Half of Sky’s outside investors oppose the appointment of James Murdoch as chairman of the British pay-TV broadcaster. That’s because Murdoch blatantly fails the independence test required of chairs of U.K. companies. He’s also CEO of 21st Century Fox, the U.S. movie and TV business which owns 39 percent of Sky and may one day want to bid for the rest.
Sky has a remedy for this: a body of unaffiliated directors who could make up an independent board for the purposes of weighing any bid. But the group will have a weak hand.
If a firm proposal materialized, Sky deputy chairman Martin Gilbert would lead negotiations with Murdoch on price and his sub-board would make a recommendation to shareholders on whatever offer emerged. He'd be supported by Sky’s senior independent director, Andrew Sukawaty, and three other independent non-executives -- as well as the CEO and CFO.
The grouping should be in a better position than shareholders to form a view on whether any offer to buy out Sky is acceptable, given their inside knowledge. However, it is relatively short on media expertise aside from that of the two Sky execs.
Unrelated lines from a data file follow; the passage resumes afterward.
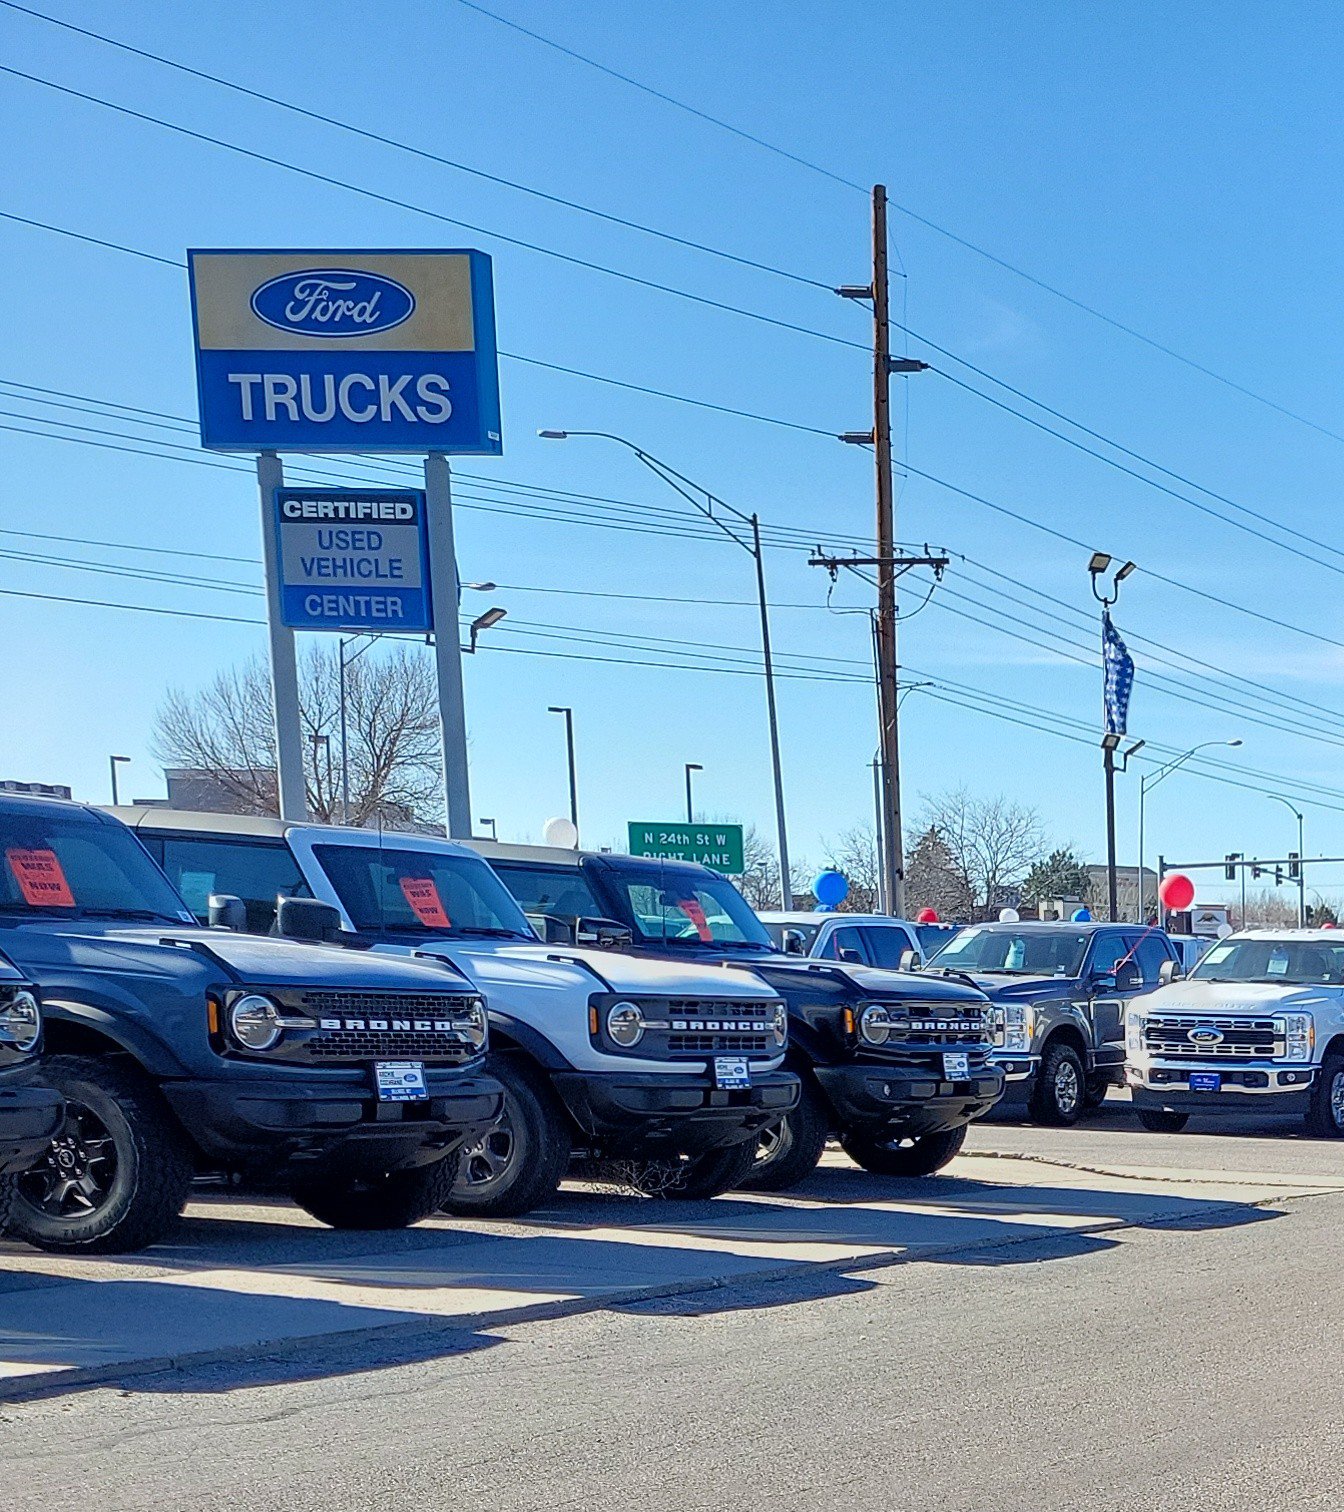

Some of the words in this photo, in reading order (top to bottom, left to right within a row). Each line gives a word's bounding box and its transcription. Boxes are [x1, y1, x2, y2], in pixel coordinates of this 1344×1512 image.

[285, 279, 381, 324] Ford
[228, 374, 453, 424] TRUCKS
[282, 499, 414, 520] CERTIFIED
[317, 529, 383, 551] USED
[300, 557, 403, 580] VEHICLE
[304, 594, 404, 619] CENTER
[644, 832, 654, 844] N
[659, 833, 690, 845] 24th
[696, 834, 710, 846] St
[716, 834, 726, 846] W
[693, 853, 731, 865] LANE
[320, 1019, 451, 1031] BRONCO
[672, 1021, 765, 1031] BRONCO
[911, 1021, 981, 1030] BRONCO
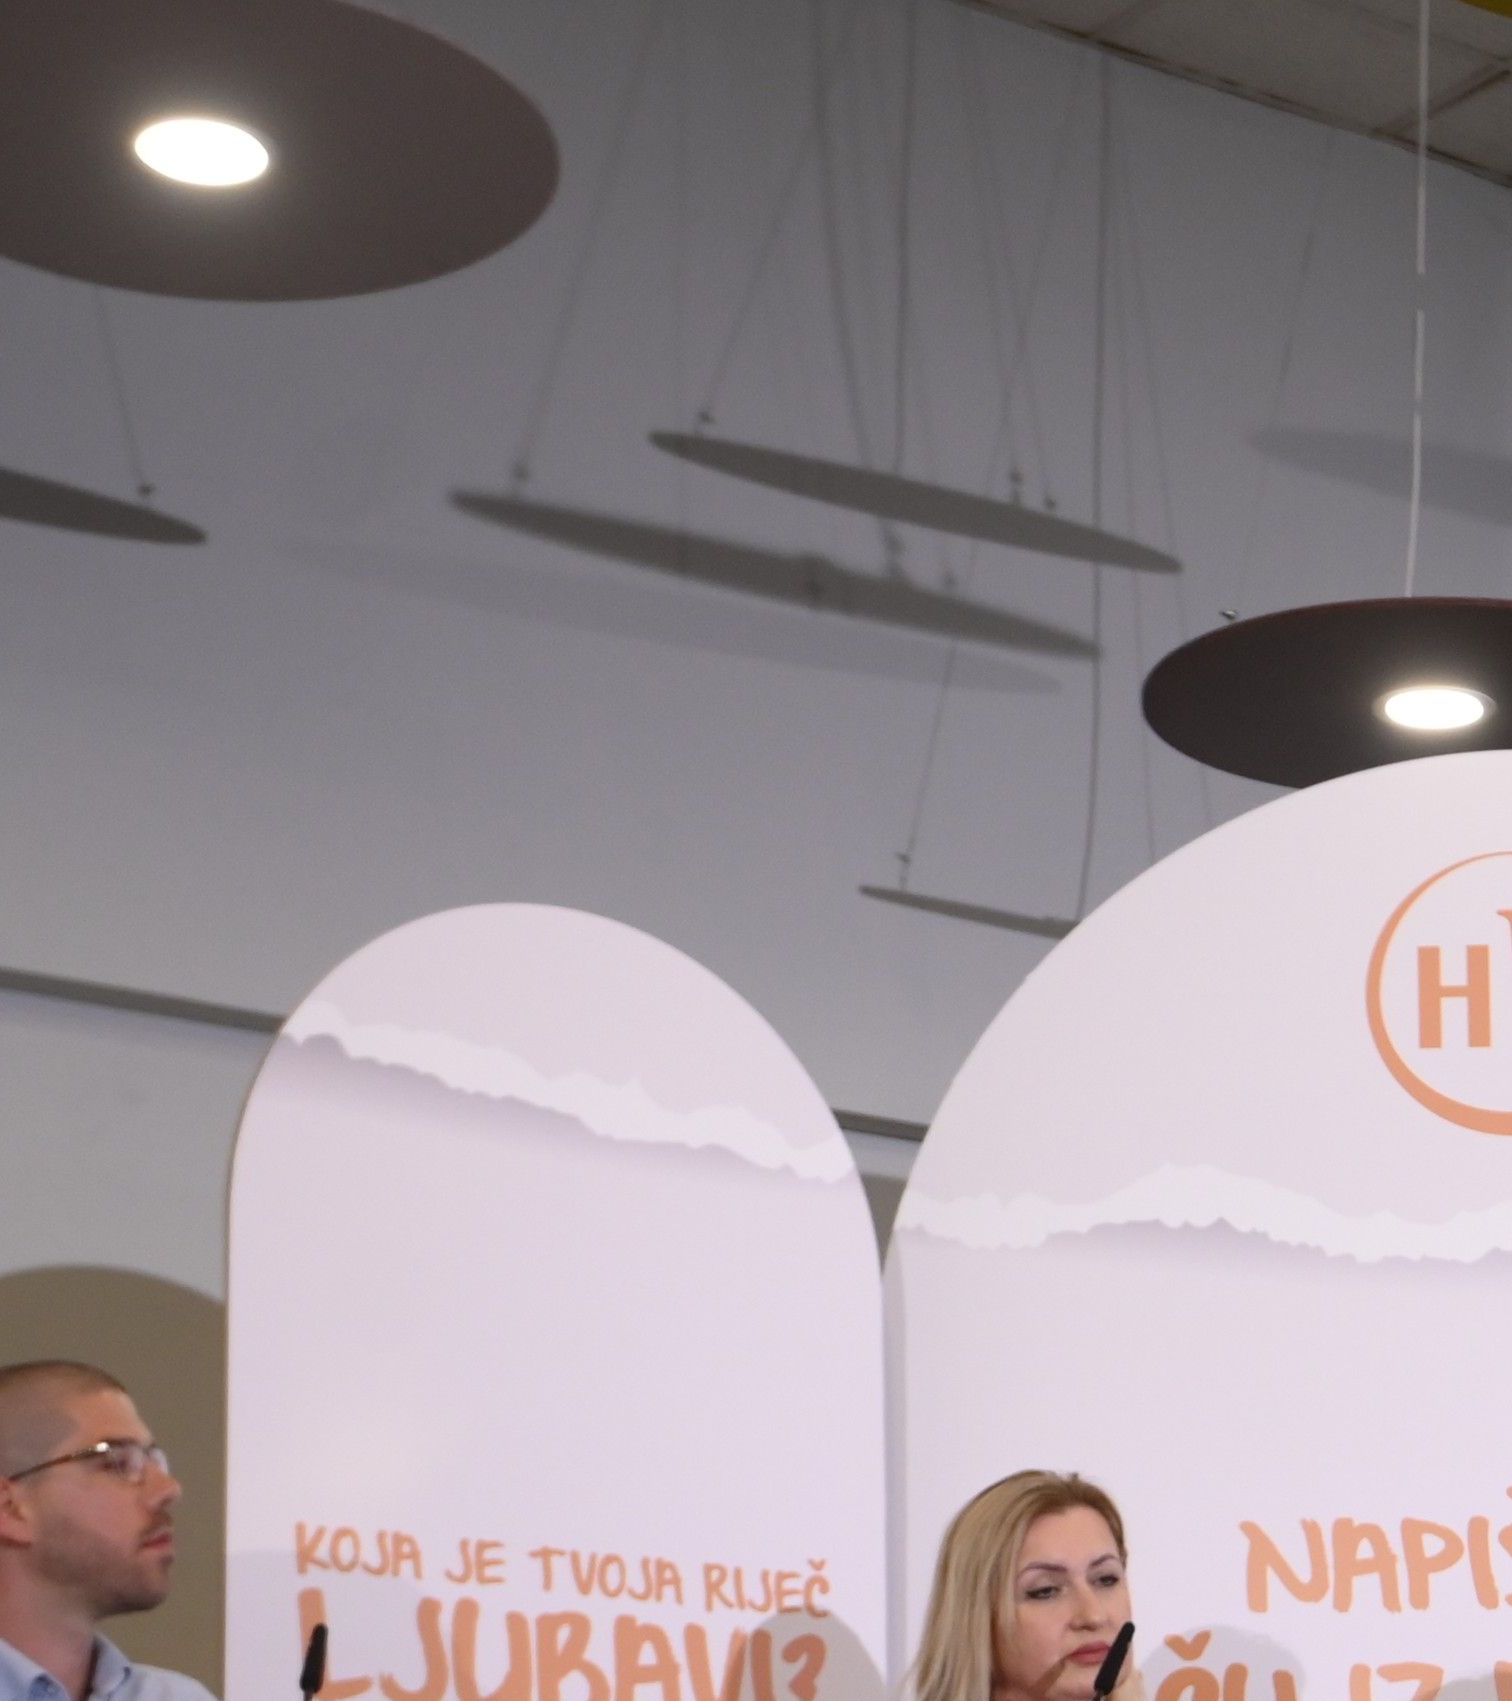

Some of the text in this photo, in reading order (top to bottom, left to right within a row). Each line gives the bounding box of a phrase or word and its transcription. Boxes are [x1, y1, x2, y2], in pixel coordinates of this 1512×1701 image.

[295, 1522, 832, 1619] KOJA JE TVOJA RIJEČ
Murdoch’s intimate familiarity with Sky -- from being current chairman, former chairman and former CEO -- means his understanding of the business and its value would be pretty much as good as Gilbert's board from the get-go. That voids the information advantage the targets usually have in bid situations.
True, Murdoch wouldn’t be party to the Gilbert-led discussion about defense strategies, such as trying to find alternative deals. But those deliberations risk being academic given that Fox's 39 percent stake is a deterrent to counterbidders.
Plus Murdoch would know precisely what financial and strategic benefits Fox could wring from Sky to fund a generous offer. These may be slight, but Sky’s directors can only guess at them.
This tricky dynamic applies whether Murdoch is leading the board or not, and to an extent even if he was off the board thanks to his past acquaintance with the business.
Sky's independent directors have one trump card. They can simply withhold their recommendation for any offer they don't like. That would force Murdoch to make a hostile offer directly to Sky shareholders. And they're in no mood to give him an easy ride.